Luke Greenbank (R) questioned whether he took part in a ‘clean’ race after Russia’s Evgeny Rylov (C) secured a gold medal ahead of USA’s Ryan Murphy (L)
But asked if he agreed with Murphy’s comments, Team GB’s Greenbank replied: ‘It’s obviously a very difficult situation not knowing whether who you are racing against is clean. It is something that is part of sports and the board needs to tackle that.
‘It’s a frustrating situation. I just need to keep my mind on the race and control what I can control.
‘I can’t really speak on Ryan’s behalf. Obviously, there’s a lot of media around the Russian federation coming into the Olympics. Obviously it’s frustrating seeing that as an athlete, having known that there is a state-sponsored doping programme going on and more could be done to tackle that.’
Greenbank, who came third in the 200m backstroke, said it was ‘frustrating’ not knowing whether a fellow athlete had doped
In an extraordinary press conference where all three medallists were sat together, Rylov was then asked outright if he doped.
The 24-year-old replied: ‘I have always been for clean competition.
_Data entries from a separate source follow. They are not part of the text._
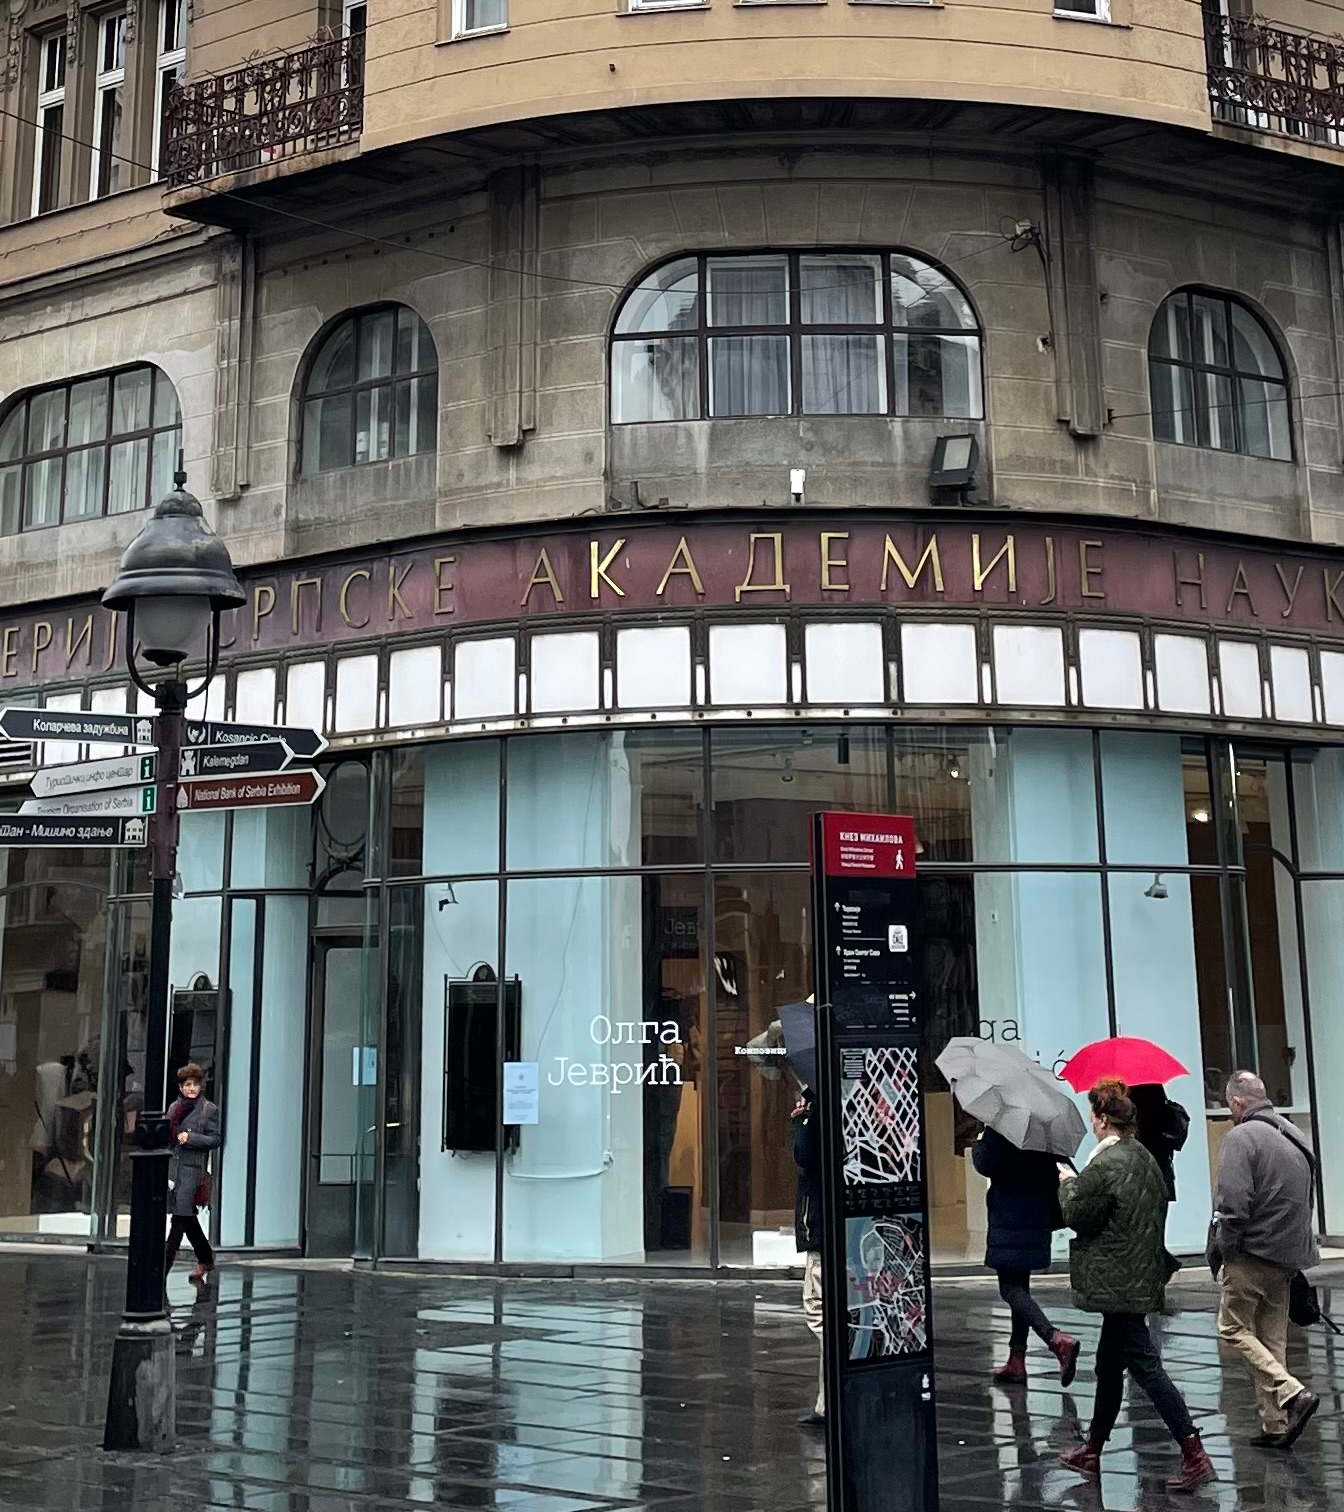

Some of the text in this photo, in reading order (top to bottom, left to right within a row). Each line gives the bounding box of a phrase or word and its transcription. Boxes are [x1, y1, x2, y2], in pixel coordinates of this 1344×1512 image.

[520, 531, 1106, 606] АКАДЕМИЈЕ
[33, 718, 129, 736] Коларчева задужбина
[202, 753, 249, 769] Kalemegdan
[194, 788, 220, 801] National
[220, 787, 237, 800] Bank
[245, 784, 267, 798] Serbia
[267, 783, 301, 797] Exhibition
[31, 824, 76, 837] Мишино
[77, 825, 114, 839] здање
[590, 1015, 682, 1045] Олга
[547, 1053, 684, 1094] Јеврић
I am always tested. I will fill out all of the forms.
‘From the bottom of my heart, I am for clean sport. I am devoting my whole life to this sport. I don’t even know how to react to that.
‘Ryan has all the right to think the way he does and to say whatever he says. This is today and here that we live. We don’t live in the past, we don’t live in the future.
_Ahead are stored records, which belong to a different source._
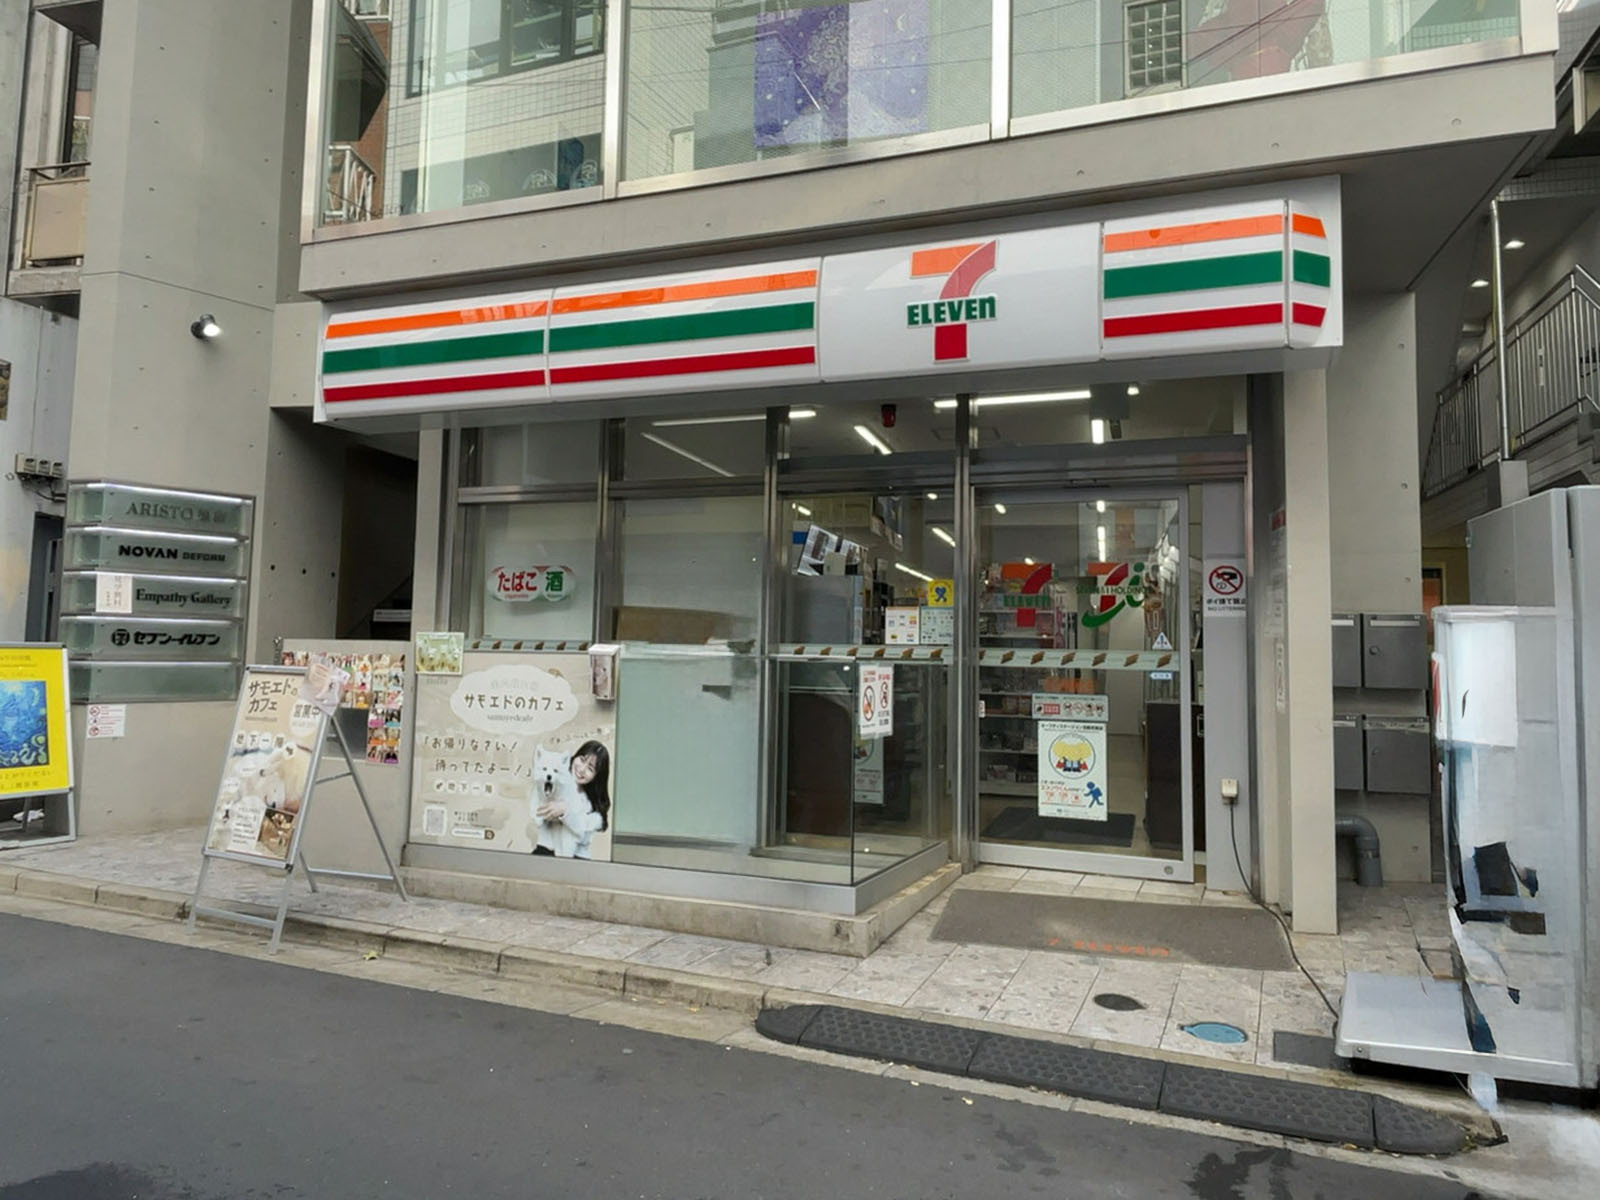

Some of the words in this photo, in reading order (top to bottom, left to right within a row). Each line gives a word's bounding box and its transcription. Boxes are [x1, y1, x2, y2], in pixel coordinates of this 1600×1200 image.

[126, 501, 193, 520] ARISTO
[118, 545, 178, 560] NOVAN
[497, 571, 538, 592] たばこ
[545, 571, 564, 592] 酒
[136, 588, 188, 607] Empathy
[191, 591, 231, 609] Gallery
[248, 698, 278, 714] カフェ
[464, 693, 564, 712] サモエドのカフェ
Silver medalist Ryan Murphy opened the discussion about whether the race was ‘clean’, saying his thoughts would ‘get me into a lot of trouble’
‘The time will tell. He did not accuse me of anything, that is why I don’t have anything against him because he didn’t put up forth anything against me directly.’
Rylov clocked 1min 53.27sec to touch out Murphy by just 0.88sec, with Greenbank finishing in a time of 1:54.72 in a repeat of the result at the World Championships in 2019.
Questioned immediately after the race if he thought the race was clean, Murphy replied: ‘I’ve got about 15 thoughts. Thirteen of them would get me into a lot of trouble.
‘It is a huge mental drain on me to go throughout the year (thinking) that I’m swimming in a race that’s probably not clean, and that is what it is.
‘The people that know a lot more about the situation made the decision they did. It frustrates me, but I have to swim the field that’s next to me.
‘I don’t have the bandwidth to train for the Olympics at a very high level and try to lobby the people who are making the decisions that they’re making the wrong decisions.’
Rylov expressed his innocence after the race, stressing that he is ‘always tested’ and believes in clean sport
Following it up in his press conference, Murphy added: ‘To be clear, my intention is not to make any accusations here.
‘At the end of the day, I do believe there is doping in swimming. I think FINA needs to be more transparent both on the financial side and the drug taking side.
‘There’s people that know a lot more about this situation than I do. I’m training to be the absolutely best athlete I can be. So I don’t have time to get involved in this situation.
‘But there is a situation and that’s a problem. I’m sorry that there is a situation but I don’t know enough about it to give a 100 per cent certain answer.’